Sunday, March 12, 2023

Why lung cancer doesn’t respond well to immunotherapy

Good news! Cancer is history (soon)! It is a long step-by-step battle, but humans are winning!

"... In a study of mice, the researchers found that bacteria naturally found in the lungs help to create an environment that suppresses T-cell activation in the lymph nodes near the lungs.
The researchers did not find that kind of immune-suppressive environment in lymph nodes near tumors growing near the skin of mice. ...
For many years, scientists have known that cancer cells can send out immunosuppressive signals, which leads to a phenomenon known as T-cell exhaustion. The goal of cancer immunotherapy is to rejuvenate those T cells so they can begin attacking tumors again.
One type of drug commonly used for immunotherapy involves checkpoint inhibitors, which remove the brakes on exhausted T cells and help reactivate them. This approach has worked well with cancers such as melanoma, but not as well with lung cancer.
... recent work has offered one possible explanation for this: ... that some T cells stop working even before they reach a tumor, because of a failure to become activated early in their development. In a 2021 .. identified populations of dysfunctional T cells that can be distinguished from normal T cells by a pattern of gene expression that prevents them from attacking cancer cells when they enter a tumor. ...
these T cells failed to become fully activated, as a result of inhibition by another population of T cells called regulatory T cells.
These regulatory T cells became strongly activated in lymph nodes that drain from the lungs, but not in lymph nodes near tumors located in the flank, the researchers found. Regulatory T cells are normally responsible for making sure that the immune system doesn’t attack the body’s own cells. However, the researchers found that these T cells also interfere with dendritic cells’ ability to activate killer T cells that target lung tumors. ..."

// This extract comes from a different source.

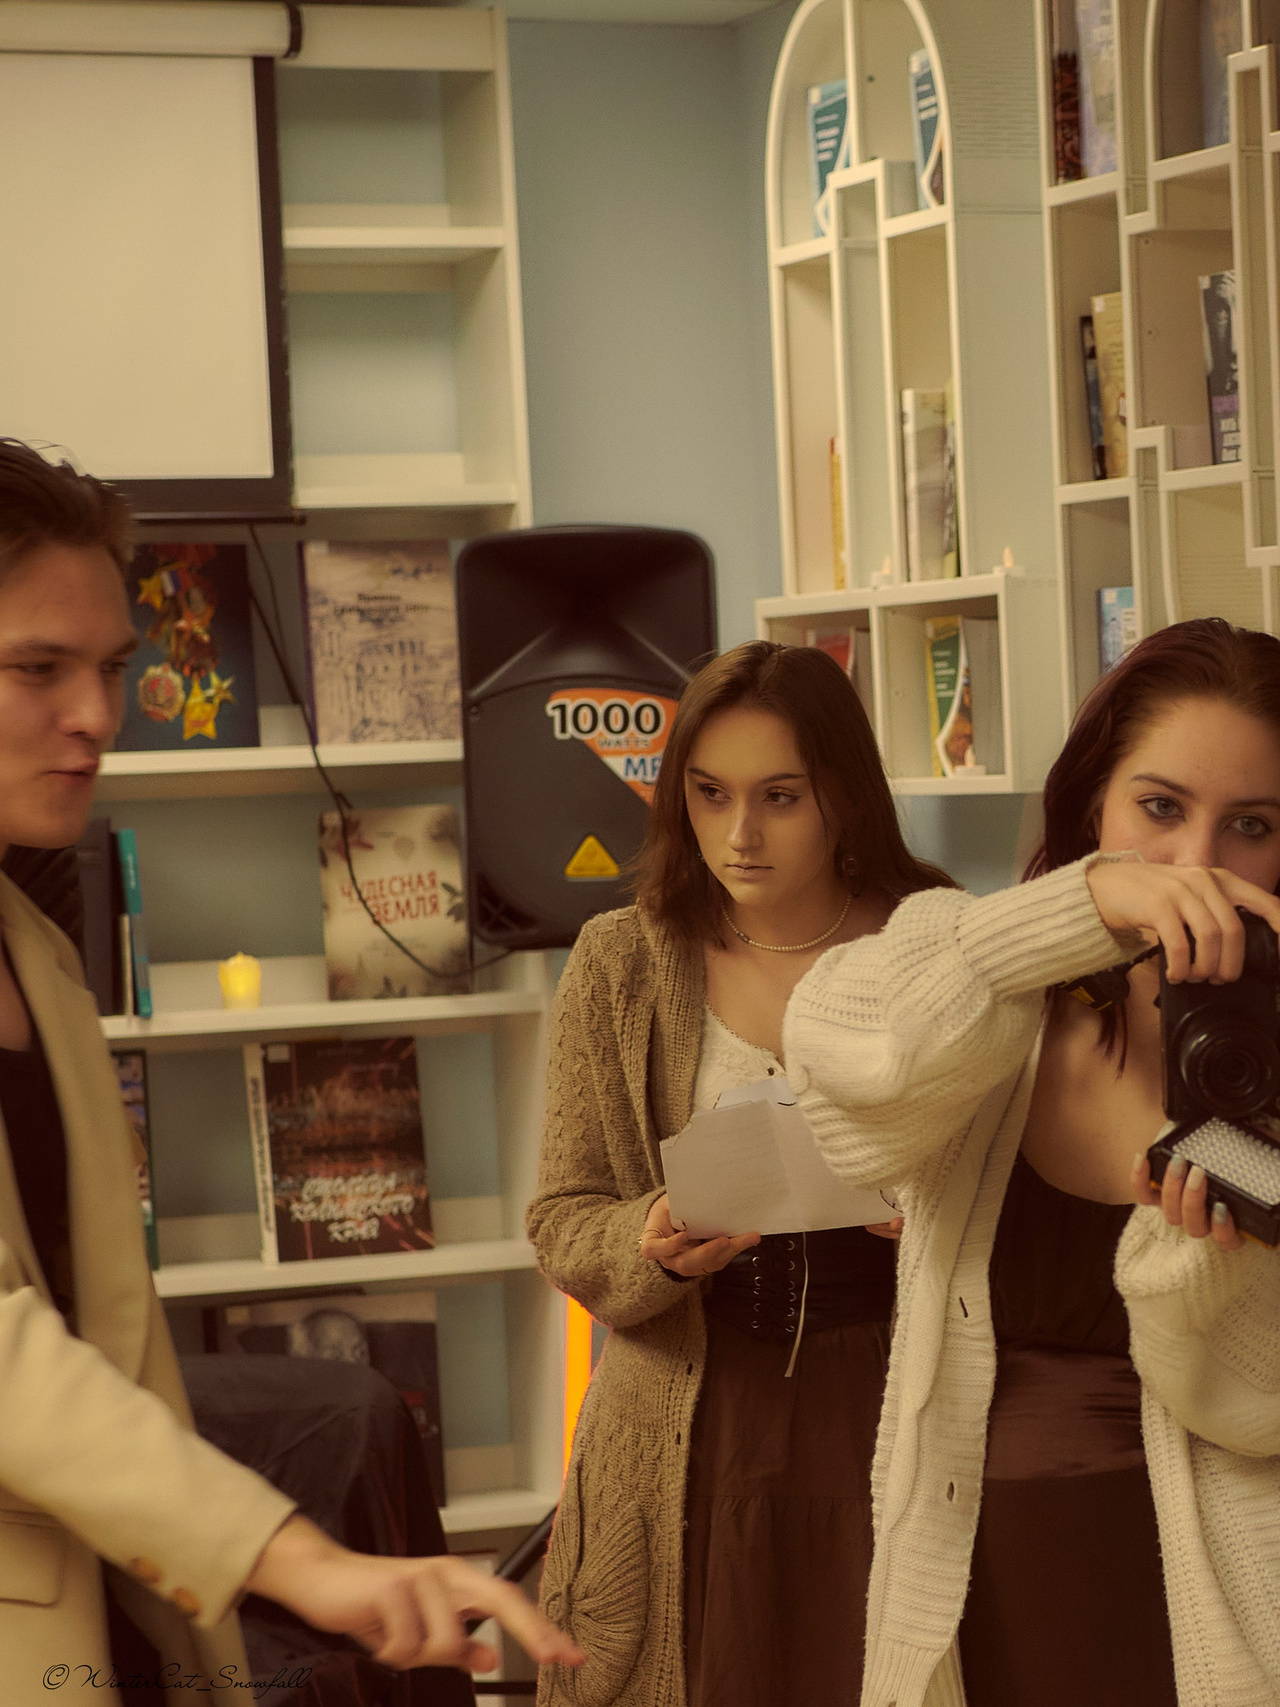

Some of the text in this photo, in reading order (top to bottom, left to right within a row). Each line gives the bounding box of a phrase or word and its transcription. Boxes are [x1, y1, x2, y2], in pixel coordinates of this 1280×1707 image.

[548, 700, 663, 737] 1000
[599, 738, 651, 750] WATTS
[371, 893, 439, 926] ЗЕМЛЯ

From the highlights and abstract:
"Highlights
• Lung LN-specific enrichment in IFN-γ induces suppressive Th1-like effector Treg cells
• LN microniches skew Treg cells to be Th1-like and drive DC1 suppression
• Suppressed DC1s prime dysfunctional CD8+ T cell responses against lung cancer
• IFN-γ blockade repolarizes Treg cells and restores CTL priming against lung cancer
Summary
Local environmental factors influence CD8+ T cell priming in lymph nodes (LNs). Here, we sought to understand how factors unique to the tumor-draining mediastinal LN (mLN) impact CD8+ T cell responses toward lung cancer. Type 1 conventional dendritic cells (DC1s) showed a mLN-specific failure to induce robust cytotoxic T cells responses. Using regulatory T (Treg) cell depletion strategies, we found that Treg cells suppressed DC1s in a spatially coordinated manner within tissue-specific microniches within the mLN. Treg cell suppression required MHC II-dependent contact between DC1s and Treg cells. Elevated levels of IFN-γ drove differentiation Treg cells into Th1-like effector Treg cells in the mLN. In patients with cancer, Treg cell Th1 polarization, but not CD8+/Treg cell ratios, correlated with poor responses to checkpoint blockade immunotherapy. Thus, IFN-γ in the mLN skews Treg cells to be Th1-like effector Treg cells, driving their close interaction with DC1s and subsequent suppression of cytotoxic T cell responses."


Why lung cancer doesn’t respond well to immunotherapy | MIT News | Massachusetts Institute of Technology A new study reveals that lymph nodes near the lungs create an environment that weakens T-cell responses to tumors.

Tissue-specific abundance of interferon-gamma drives regulatory T cells to restrain DC1-mediated priming of cytotoxic T cells against lung cancer (no public access)

A new MIT study explains why dendritic cells (green) in lymph nodes that drain from the lungs fail to stimulate killer T cells (white) to attack lung tumors.